Bipartisan Seating at State of the Union?

This is a rush transcript from "Special Report," January 24, 2011. This copy may not be in its final form and may be updated.


BRET BAIER, HOST OF “SPECIAL REPORT”: This was the 39th year for March for Life. It started in 1974. They had about 20,000 people when it started. Now 100,000, 200,000, upwards of that come to Washington, D.C. to march for pro-life.

If you look at the polls.  The latest Fox News Opinion dynamics poll that is out, and you see the change that's happened in the past 10, 12, 13 years -- 50 percent now say they are pro-life, 42 percent pro-choice, and the flip back in 1997. What about his issue, the politics and the policy around it?  We're back with the panel. Chris?

CHRIS STIREWALT, FOX NEWS DIGITAL, POLITICS EDITOR: Well, look, this issue is on the floor because the Republicans are in control of the House. This is something they want to talk about. It's a Republican issue and something that is important to them.

But the numbers that you put up there are absolutely so revealing when you talk about the state of the American politics today. All of these issues, social issues generally go against the right.  Over time the arc bends away from social conservatism. On abortion, what we have seen because of the sonogram because of a generational change away from baby-boomer ethics and tying it to a woman's overall rights, you have seen tectonic shift in the way Americans look at the issue.  And what I wonder, and I think we all have to wonder, does this become an issue like gun control for the Democratic Party where it's just too hot to handle and you can't touch it, because if these numbers keep moving in this way, it won't pay off for the Democrats to be publicly identified pro-choice.
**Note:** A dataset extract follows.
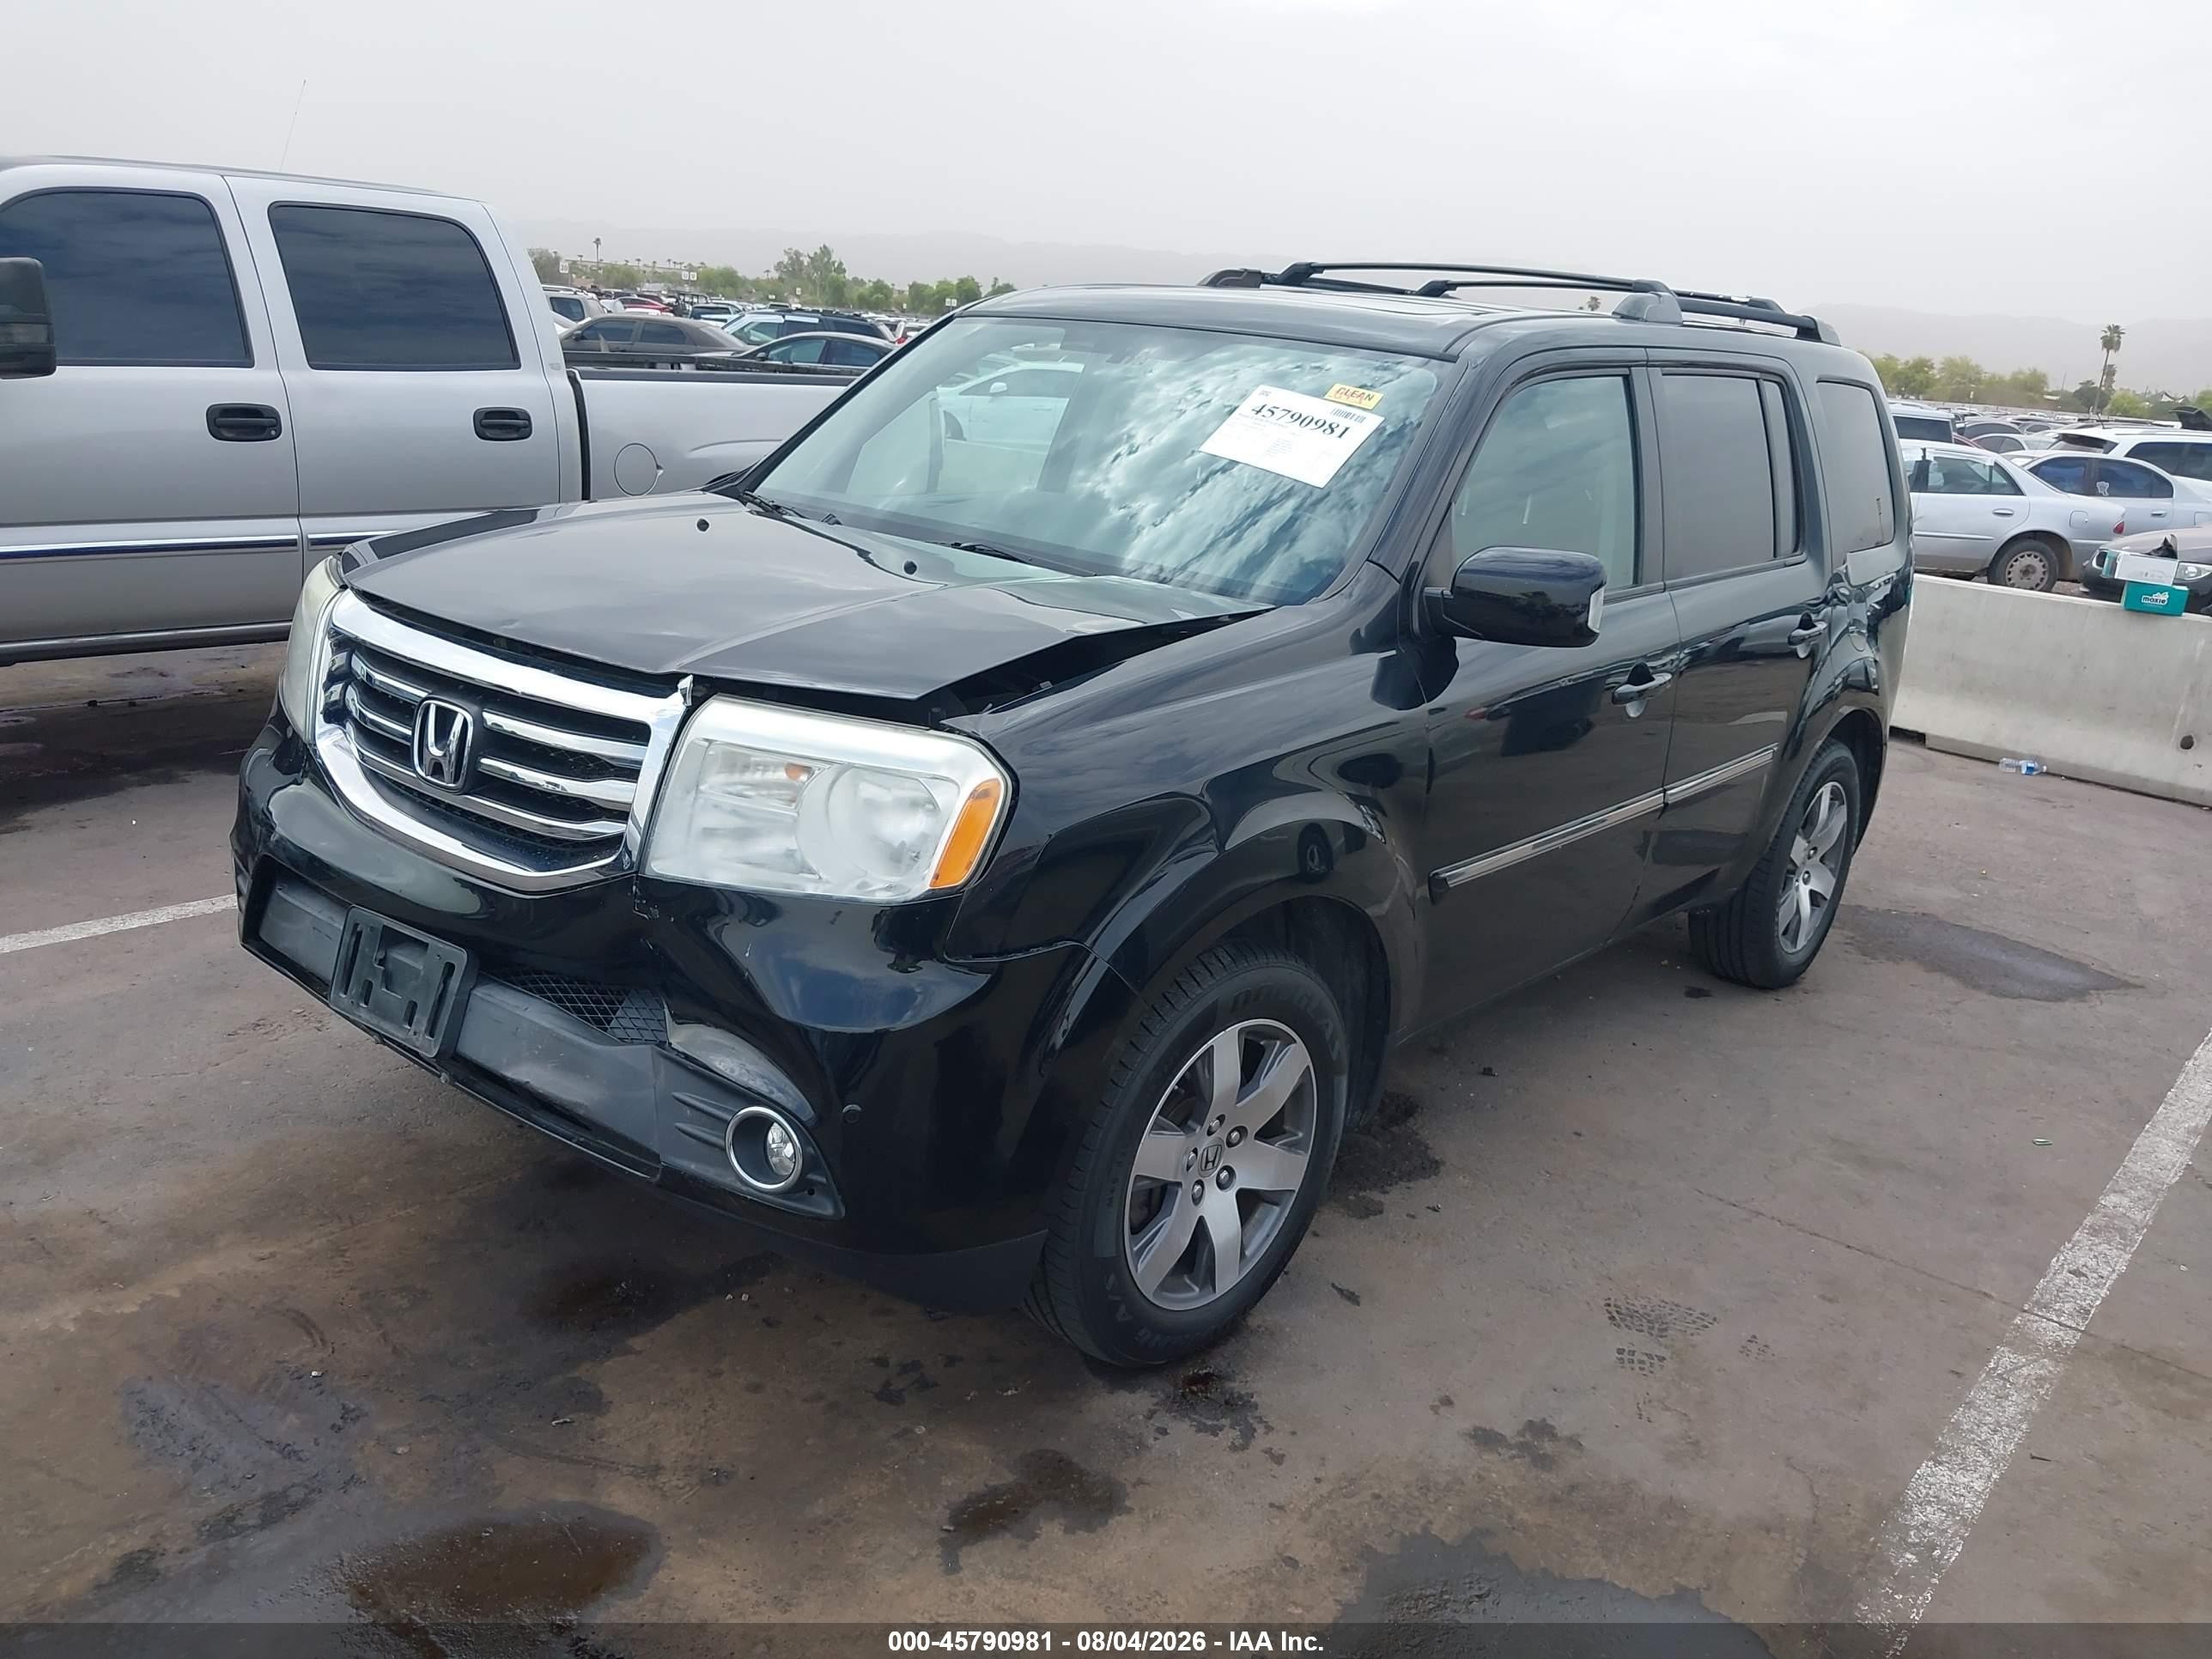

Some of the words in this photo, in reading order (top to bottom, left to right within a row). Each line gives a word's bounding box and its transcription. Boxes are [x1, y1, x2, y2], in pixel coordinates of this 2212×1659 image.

MARA LIASSON, NATIONAL POLITICAL CORRESPONDENT, NATIONAL PUBLIC RADIO: As long as Roe versus Wade stands. This is great as long as Roe versus Wade stands, as long as we have the status quo. But if it is overturned that is quite different from the gun control, where you have one party wishing they could expand gun control and can't. Here the law of the land is pro-choice.

STIREWALT: And changing around the edges.

LIASSON: And that's where the national consensus is. This question did not ask if you wanted Roe versus Wade overturned. It was just whether you were pro-choice or pro-life, which is quite different.

BAIER: The number of legal abortions, as you look at the graph increased through the 1970s, leveled off in the '80s. Fell off in the 90s.  Dipped a little bit now, Fred, as you take a look at the graph, Roe v. Wade 1973.

FRED BARNES, EXECUTIVE EDITOR, THE WEEKLY STANDARD: People don't want to overturn Roe v. Wade. They do want abortions to be made much more rare. They're not rare at all now. But polls have shown that strongly over a period of time. People don't want very many exceptions, only for the life of the mother. That’s really about it -- any case of rape or incest.

One thing that pro-lifer’s, the pro-life strategist figured out, and Chris touched on this, there is one way to build up anti-abortion congress.  You know what that is? Elect Republicans. Democrats in a number of states figured out ahead of Republicans that, you know, we want to keep abortion legal all we have to do is vote for Democrats because the parties are so almost perfectly split on this.

So you can figure, and I have not talked to all 87 of the new Republicans who have been elected, but you can bet that the vast, vast majority of them are pro-lifers, so there will be a large pro-life majority in the House. If Republicans win the Senate and White House I'll see more of this, at least around the edges, more of these restrictions passed and signed by the president -- signed by the president.

BAIER: Chris, there are legislative agenda items quickly that the majority in the House pledged to institute permanent government-wide prohibition on taxpayer funding for abortion.  There’s another bill to deny any funding for any service provided at a clinic where abortions are performed again federal funding. There's another anti-abortion bill in Senate defining life as the beginning of the moment of conception.

How far will these legislative efforts, do you think, will they go?

STIREWALT: Senator Paul's life begins at conception is probably more symbolic than likely to pass. But these things about defunding Planned Parenthood.  These things about  how the government spends its money that’s got a real chance to get going.

Again, you look at these numbers; people are as Mara said, generally in favor of abortion being legal and as Fred says, being rare. If you say we don't want to shut it down but we want to make it harder to get and restrict access, I think there’s going to be broad consensus with that in the Senate.

BAIER: Even with Democratic Senate and Democratic president?

LIASSON: Safe, legal and rare is the wash word for this.